NVIDIA se prepara para introducir cambios arquitectónicos profundos con su próxima generación de aceleradores Vera Rubin, y sus efectos podrían ir mucho más allá del sector de centros de datos. Según un informe reciente de KeyBanc, el diseño de estos nuevos GPUs de IA podría consumir este mismo año una cantidad de memoria equivalente a la utilizada por hasta 150 millones de smartphones, tensionando aún más un mercado ya afectado por la escasez de DRAM y NAND.
El impacto no se limitaría al ecosistema de IA. Fabricantes de smartphones como Apple y Samsung podrían verse obligados a incrementar los precios de sus dispositivos lanzados en 2026, ante el encarecimiento sostenido de los componentes de memoria, que representan una parte clave del coste total de un teléfono.
Vera Rubin y el nuevo enfoque de memoria para inferencia
Uno de los cambios más relevantes en Vera Rubin está relacionado con la gestión de memoria en tareas de IA. El procesamiento de consultas genera grandes volúmenes de datos temporales conocidos como KV Cache, esenciales para construir el contexto durante la inferencia. Hasta ahora, NVIDIA almacenaba estos datos directamente en HBM, pero con Vera Rubin introduce un nuevo enfoque denominado Inference Memory Context Storage (ICMS).
Este sistema añade un recurso de memoria dedicado exclusivamente al KV Cache, lo que permite descargar parte de la presión sobre la HBM, pero a costa de incrementar de forma masiva el consumo total de memoria por GPU. Según estimaciones previas, esta arquitectura permitiría integrar hasta 16 TB de NAND por GPU en un rack, lo que se traduce en 1.152 TB en una configuración NVL72, cifras inéditas hasta la fecha.

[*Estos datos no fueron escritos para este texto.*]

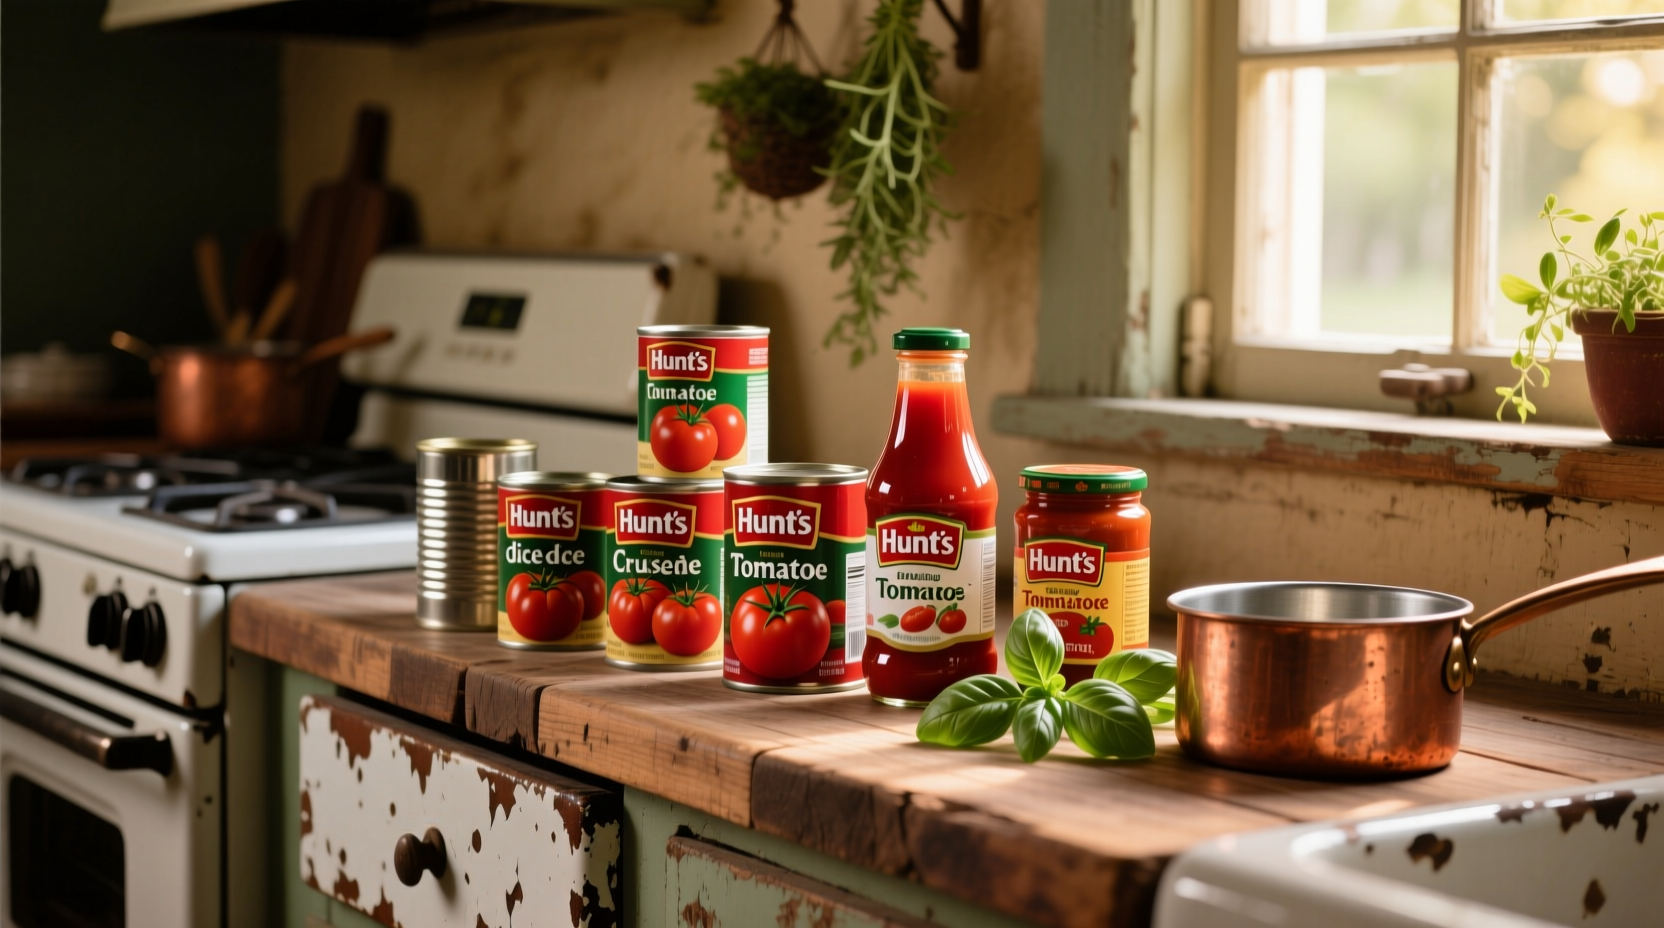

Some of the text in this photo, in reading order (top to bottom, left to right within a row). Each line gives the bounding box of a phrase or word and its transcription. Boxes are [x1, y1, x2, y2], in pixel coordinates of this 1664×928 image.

[651, 349, 708, 371] Hunt's
[510, 503, 574, 528] Hunt's
[619, 508, 688, 535] Hunt's
[738, 507, 812, 535] Hunt's
[882, 528, 954, 555] Hunt's
[730, 552, 828, 580] Tomatoe
[1029, 548, 1096, 574] Hunt's

Un consumo equivalente al mercado de smartphones
KeyBanc pone cifras concretas al impacto. Según sus analistas, cada sistema Vera Rubin podría integrar hasta 1,5 TB de memoria, frente a los 512 GB de la generación Grace. Esto implica que NVIDIA necesitaría alrededor de 20.000 millones de gigabits de memoria solo este año.

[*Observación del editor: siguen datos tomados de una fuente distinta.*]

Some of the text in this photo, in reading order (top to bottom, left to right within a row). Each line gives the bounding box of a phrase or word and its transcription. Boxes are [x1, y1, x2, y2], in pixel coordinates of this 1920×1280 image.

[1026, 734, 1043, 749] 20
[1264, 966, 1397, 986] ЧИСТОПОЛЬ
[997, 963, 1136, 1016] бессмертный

En términos prácticos, ese volumen equivale al consumo combinado de entre 100 y 150 millones de smartphones, lo que representa cerca del 10% del mercado global. En un contexto donde la oferta ya es limitada, esta demanda adicional introduce una presión significativa sobre toda la cadena de suministro.

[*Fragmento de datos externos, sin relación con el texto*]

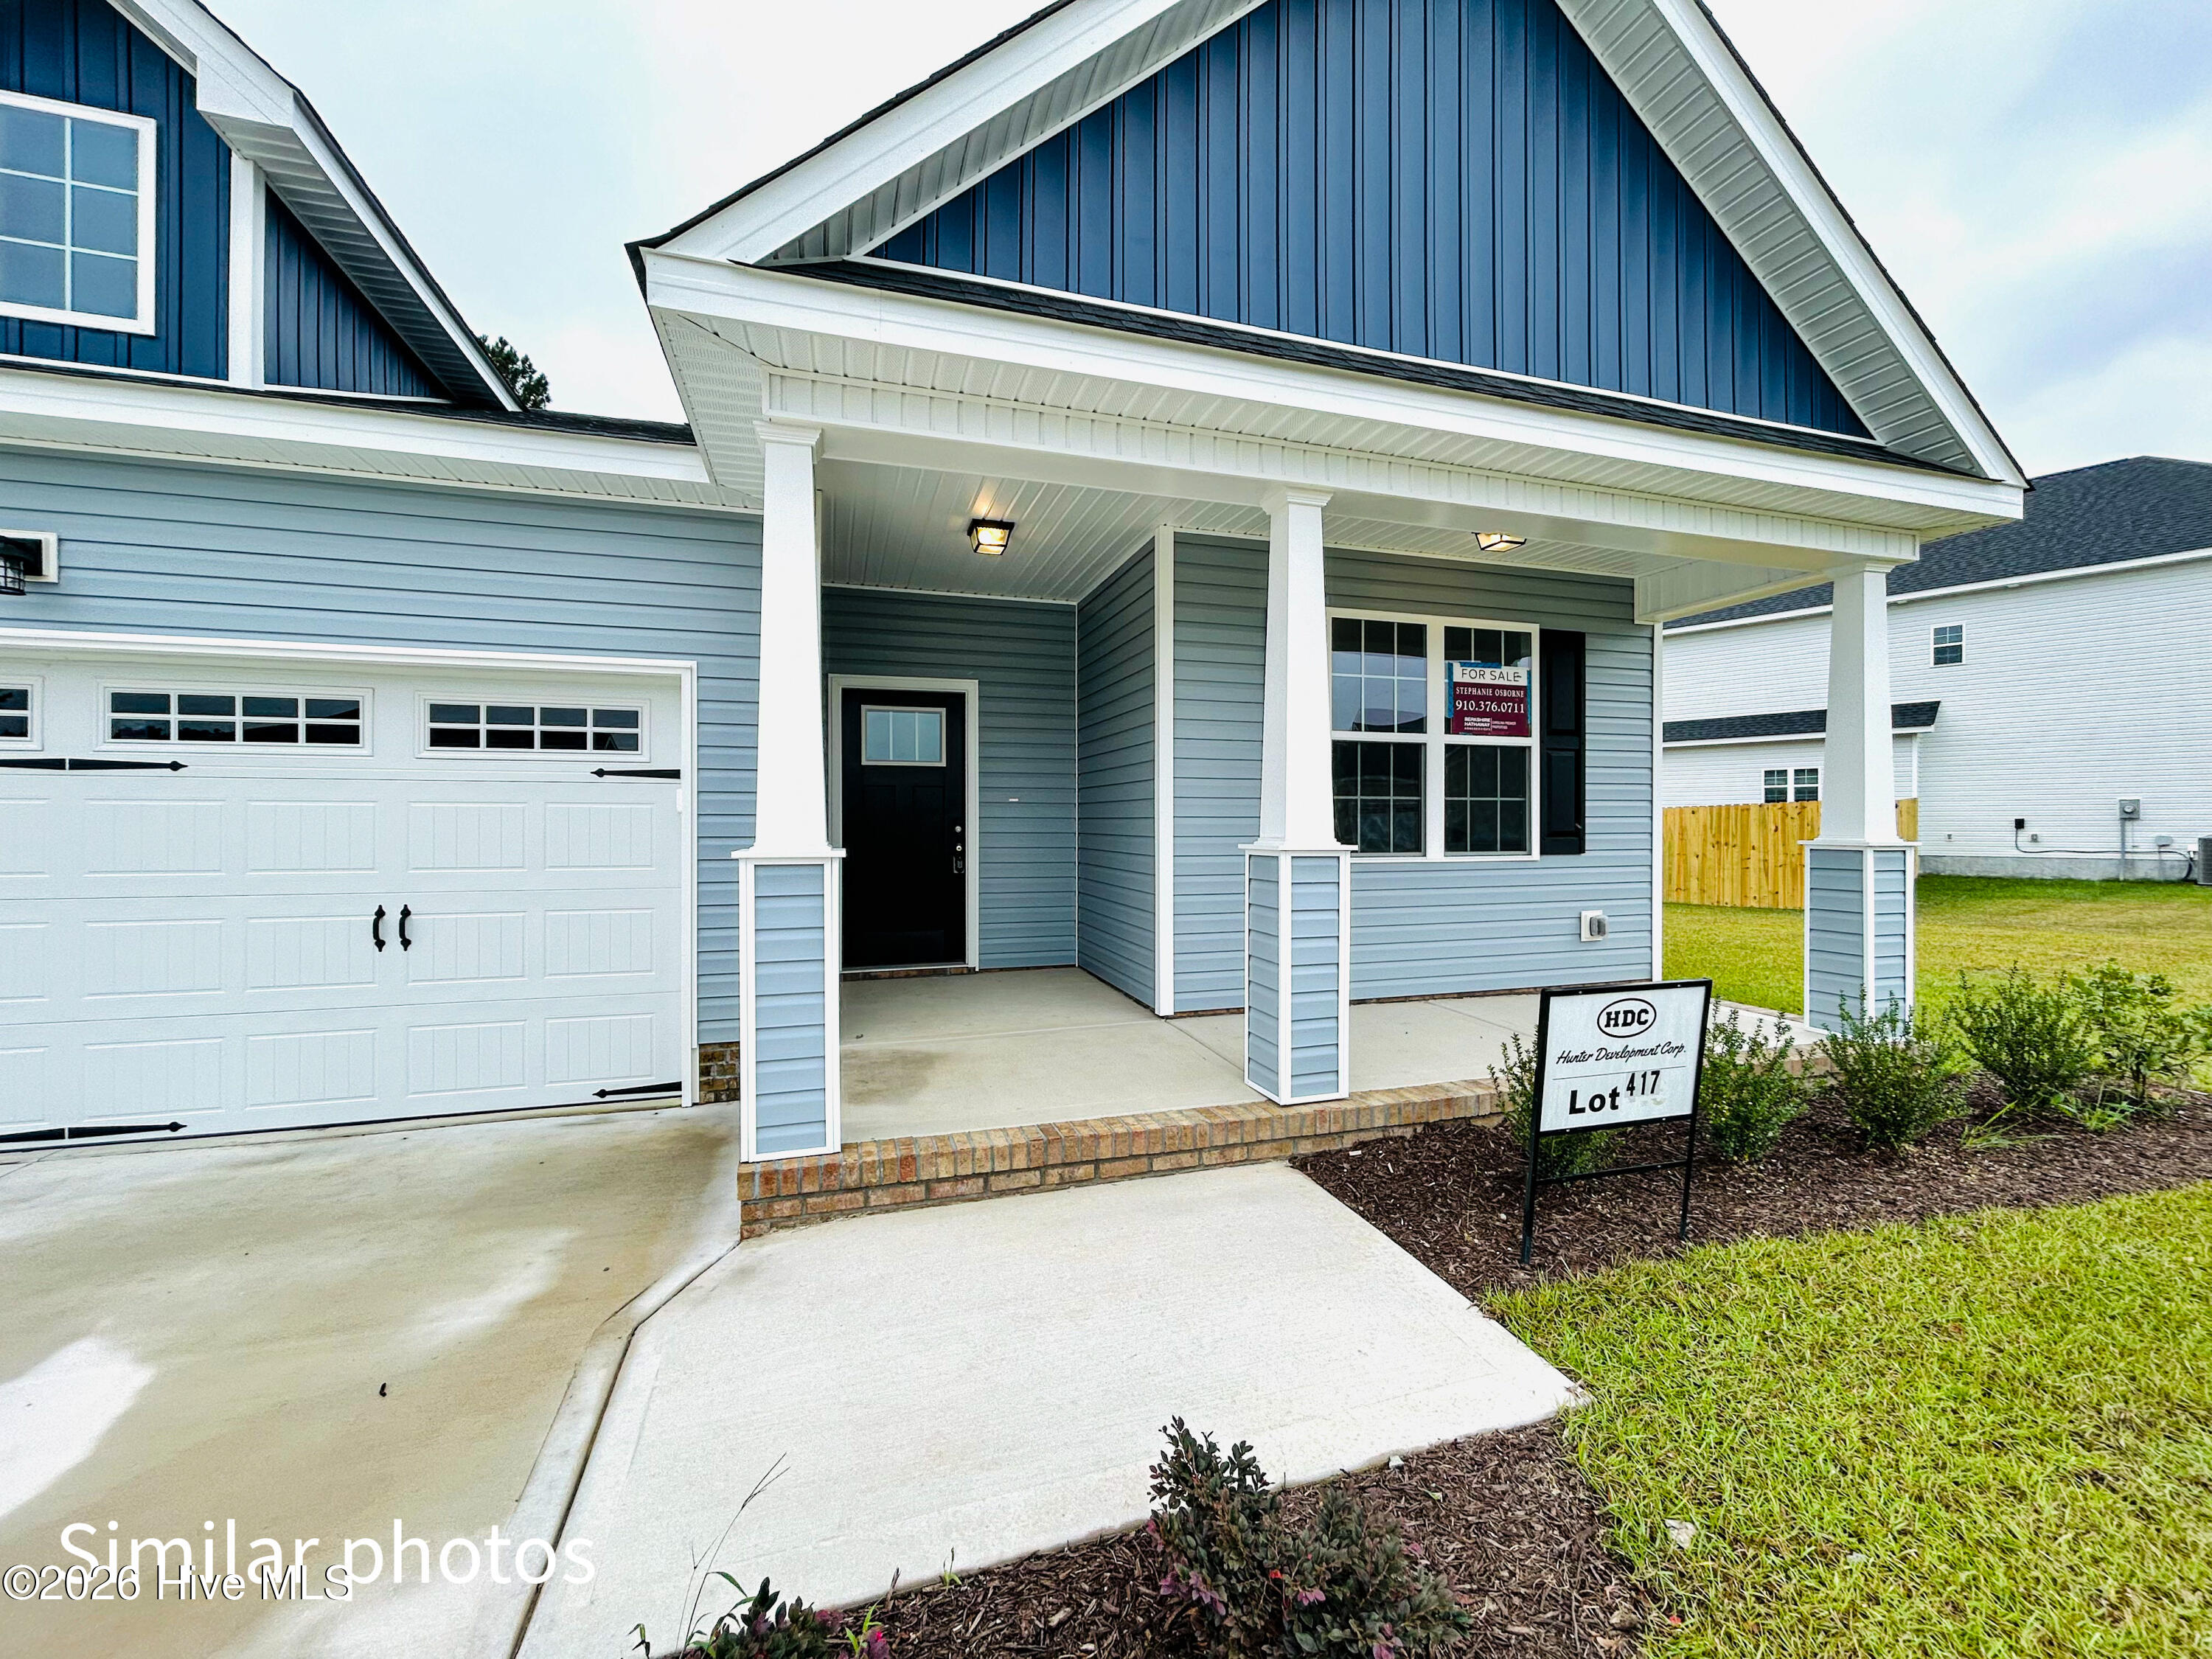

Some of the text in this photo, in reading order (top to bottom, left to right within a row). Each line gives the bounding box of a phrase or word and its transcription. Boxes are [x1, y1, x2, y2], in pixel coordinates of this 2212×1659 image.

[1461, 668, 1522, 682] FOR SALE
[1455, 686, 1524, 698] STEPHANIE OSBORNE
[1455, 700, 1525, 714] 910.376.0711
[1604, 1008, 1649, 1029] HDC
[1556, 1041, 1686, 1065] Hunter Development Corp.
[1568, 1070, 1660, 1115] Lot 417

Apple, Samsung y una cadena de suministro bajo tensión
Las consecuencias ya empiezan a notarse entre los grandes fabricantes. En el caso de Apple, diversos informes señalan que la compañía solo tendría asegurado el suministro de NAND y DRAM en condiciones favorables hasta el primer trimestre de 2026. A partir de ahí, analistas como Morgan Stanley prevén incrementos secuenciales de precio superiores al 50% en DRAM, incluso bajo contratos a largo plazo.
El problema no se limita a la memoria. Apple también estaría encontrando dificultades para asegurar suficiente T-glass, un tipo de fibra de vidrio de alta pureza utilizada en los sustratos de chips por su estabilidad térmica y fiabilidad. La elevada demanda ligada a la IA habría agotado la capacidad del proveedor japonés Nitto Boseki, obligando a Apple a buscar apoyo institucional y proveedores alternativos, aunque con posibles compromisos de calidad.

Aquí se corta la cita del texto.